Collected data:
________________

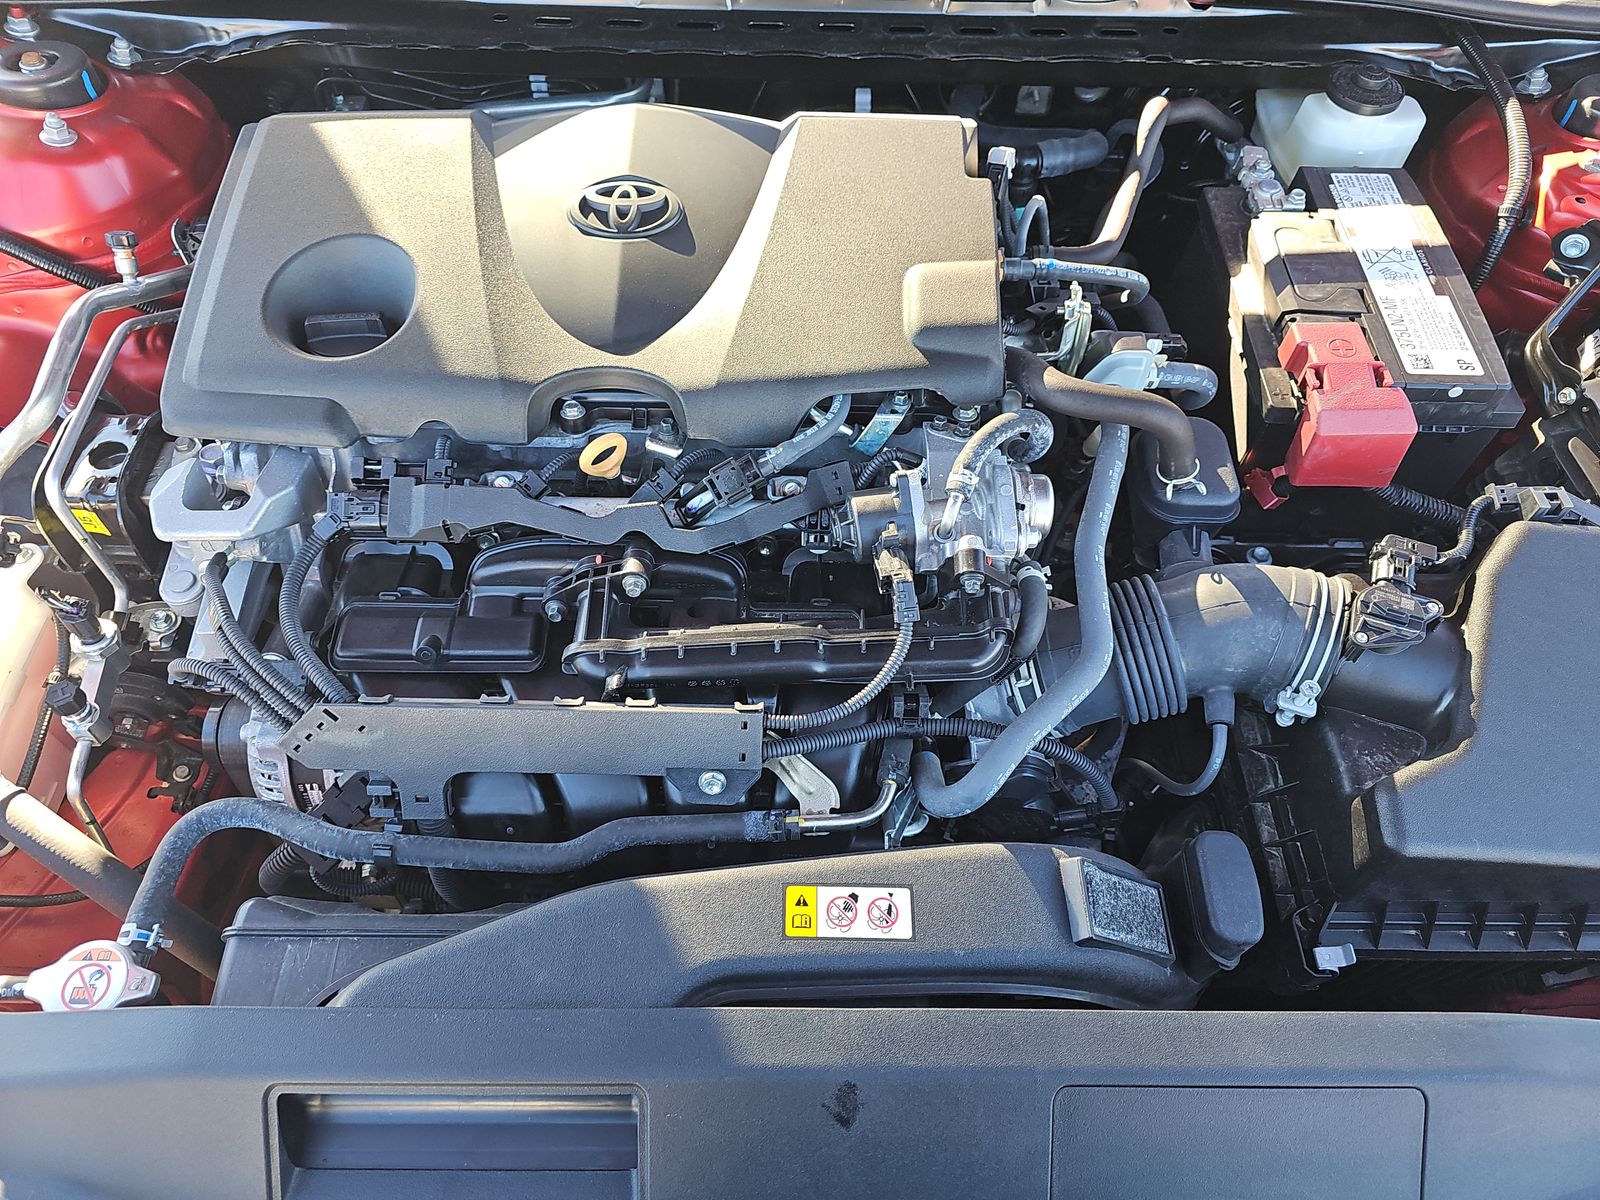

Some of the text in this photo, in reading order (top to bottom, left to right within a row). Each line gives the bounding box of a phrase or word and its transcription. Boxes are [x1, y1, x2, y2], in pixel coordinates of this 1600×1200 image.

[1405, 250, 1416, 262] Pb
[1416, 249, 1435, 276] CLARIOS
[1380, 296, 1416, 350] 375LN2-MF
[1458, 359, 1476, 371] SP
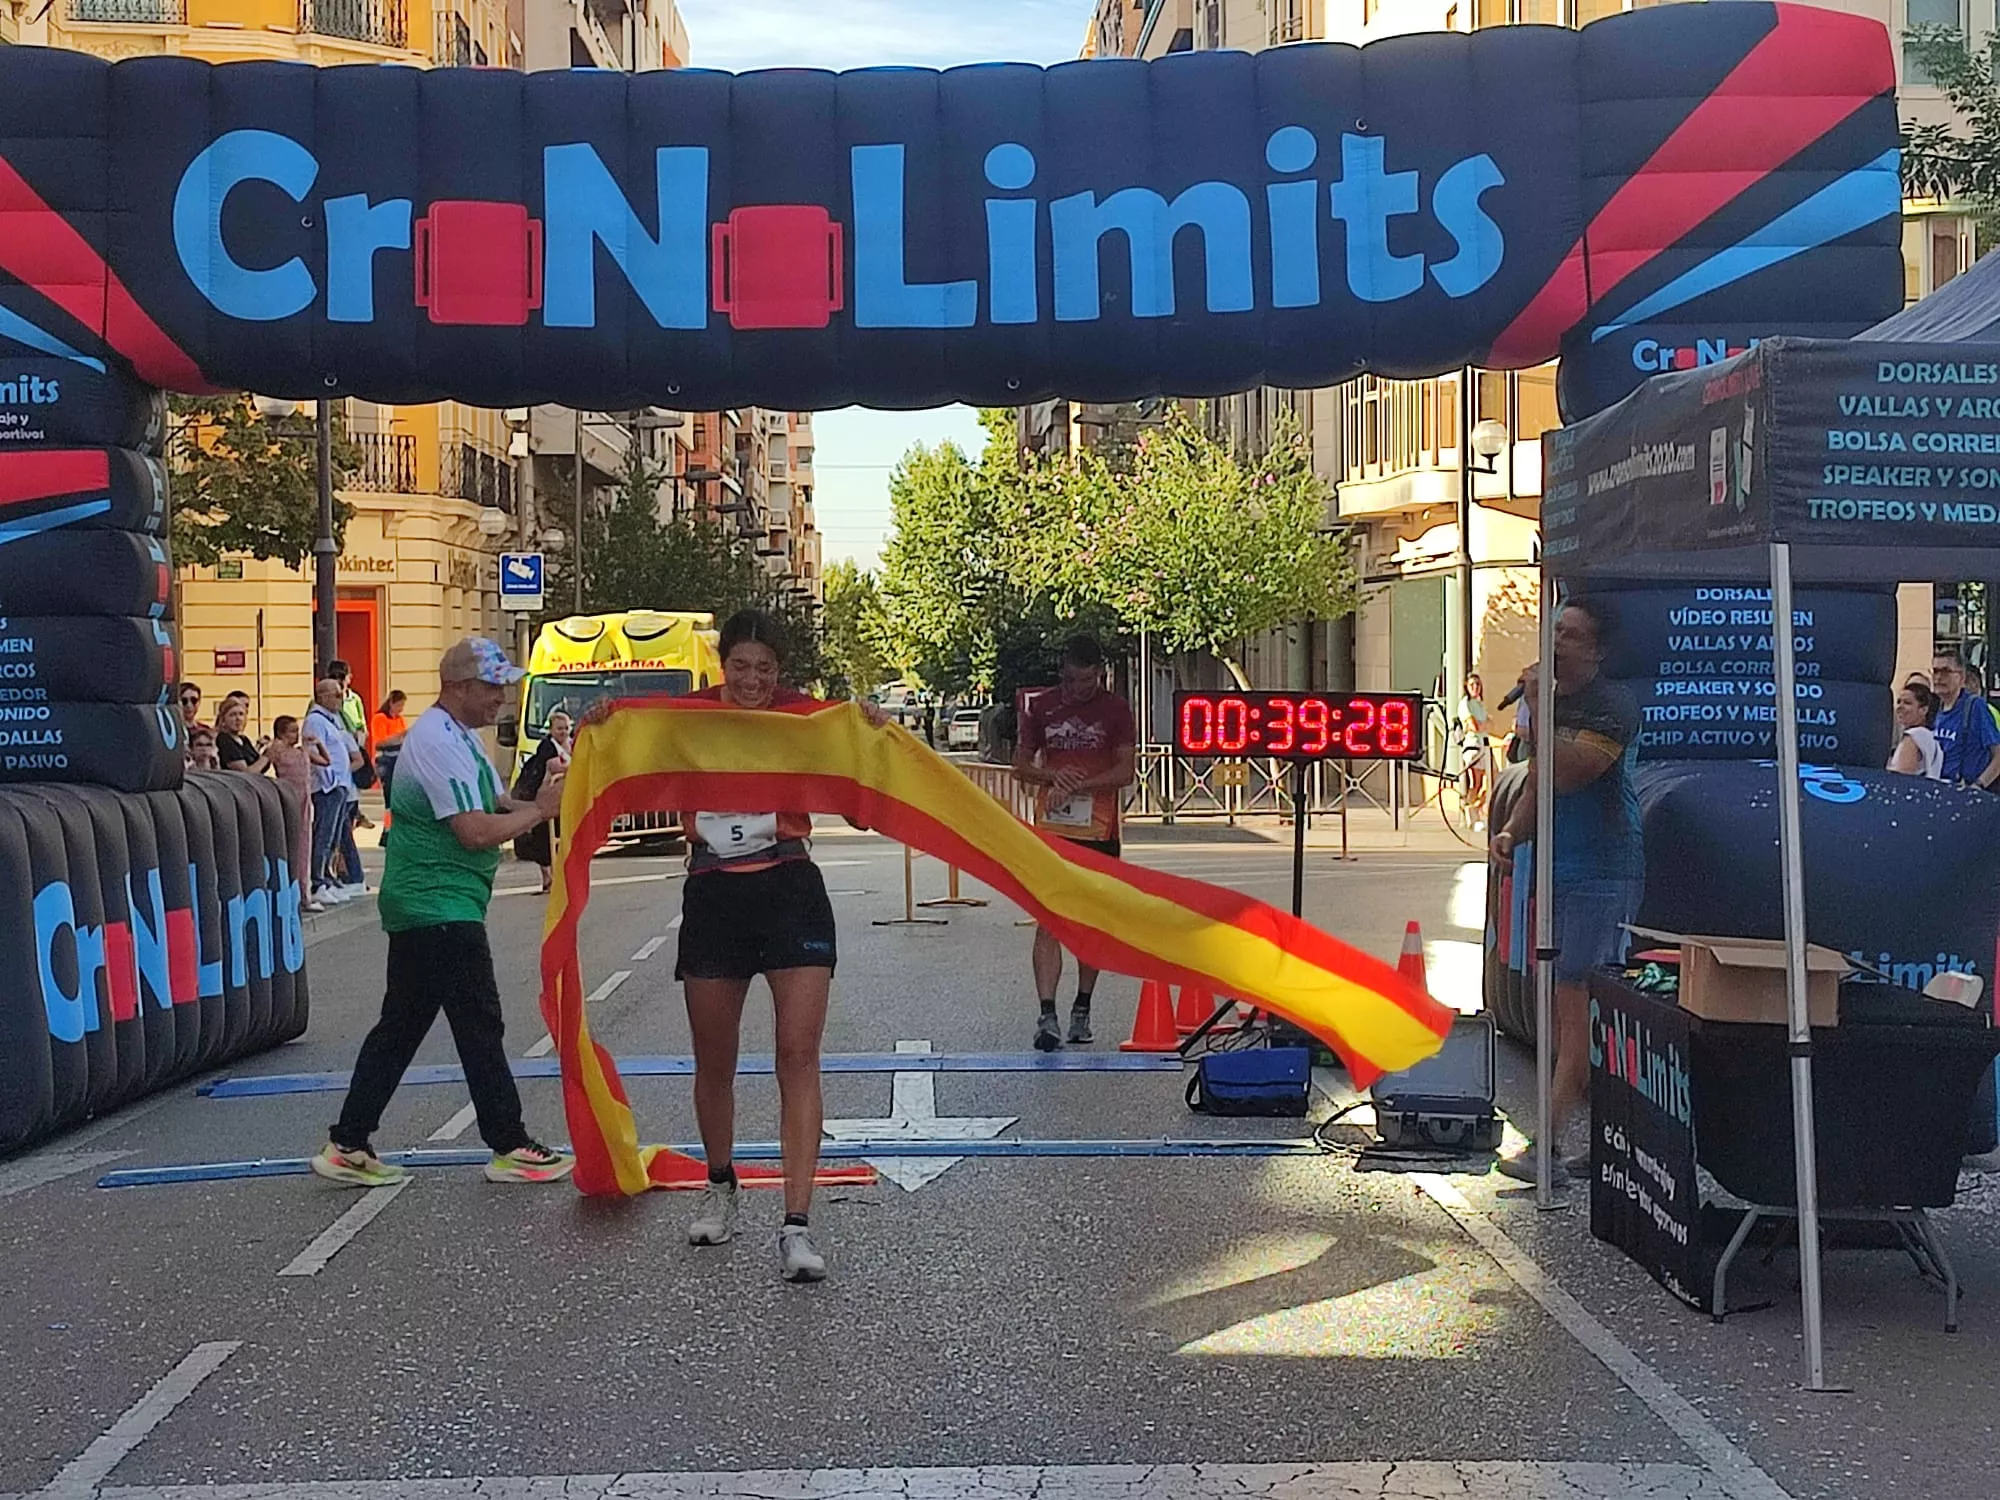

________________

Work to be completed: The records above are to be set down exactly as written, with no images.

Exercise response:
Some of the text in this photo, in reading order (top to bottom, left to right within a row). Each line gives the bounding box of a phrase or word and its transcription. Boxes are [x1, y1, x2, y2], in pixel coordinates of this 1600×1200 image.

[1405, 250, 1416, 262] Pb
[1416, 249, 1435, 276] CLARIOS
[1380, 296, 1416, 350] 375LN2-MF
[1458, 359, 1476, 371] SP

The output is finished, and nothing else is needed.